En 1946, muchos judíos empezaron a emigrar hacia la Palestina bajo mandato británico, y Kaminsky preparó los documentos “del capitán de un crucero que quería saltarse los controles fingiendo que iba a Brasil”. En 1948, con la creación del Estado de Israel, se apagó del todo su entusiasmo sionista. “Me deprimió muchísimo que dieran un carácter religioso al Estado. Siempre fui laico y pensé y pienso que la religión es un asunto meramente personal. Yo no la tengo porque no quiero ser incluido en una determinada caja. Dividir a la población entre judíos y no judíos supone, para mí, pensar con categorías insoportables. No hay racismos buenos y malos”.

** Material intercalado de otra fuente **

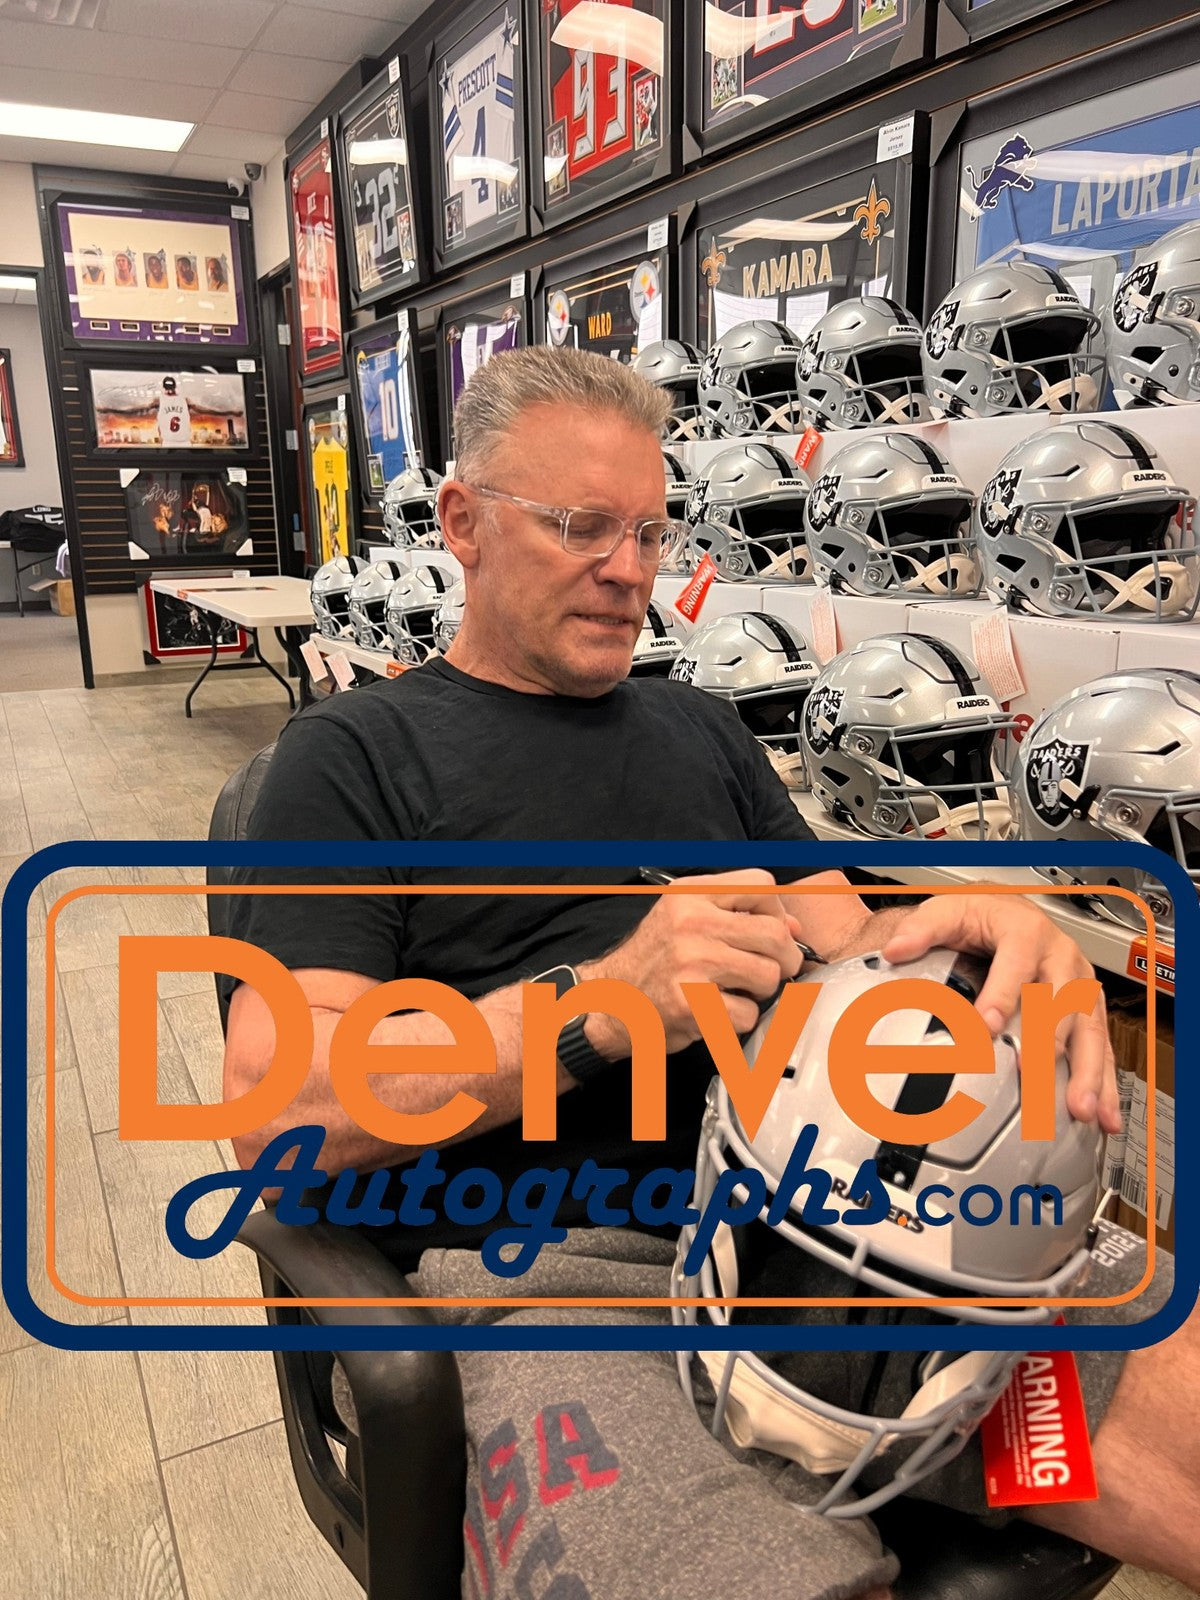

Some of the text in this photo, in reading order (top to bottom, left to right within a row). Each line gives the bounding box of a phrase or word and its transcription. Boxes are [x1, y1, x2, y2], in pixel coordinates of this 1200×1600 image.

Siempre del lado de los pueblos oprimidos, Kaminsky jamás cobró por sus servicios. Se hizo profesor de artes gráficas y fue encontrando nuevas batallas a las que prestar sus conocimientos. A finales de los años cincuenta contactó con la red Jeanson y Curiel, que apoyaba al Frente de Liberación Nacional Argelino en Francia. Y se puso de su parte contra el país por el que había luchado unos años antes. “La guerra colonial era brutal, terrible”.

Desde 1963 estuvo trabajando contra las dictaduras latinoamericanas: Brasil, Argentina, Venezuela, El Salvador, Nicaragua, Colombia, Perú, Uruguay, Chile, México, Santo Domingo, Haití. Por la descolonización africana: Guinea-Bissau, Angola, Sudáfrica… Y contra los golpes de Estado de Salazar, de los coroneles griegos y de Franco. Incluso para los desertores estadounidenses que se negaban a ir a la guerra de Vietnam…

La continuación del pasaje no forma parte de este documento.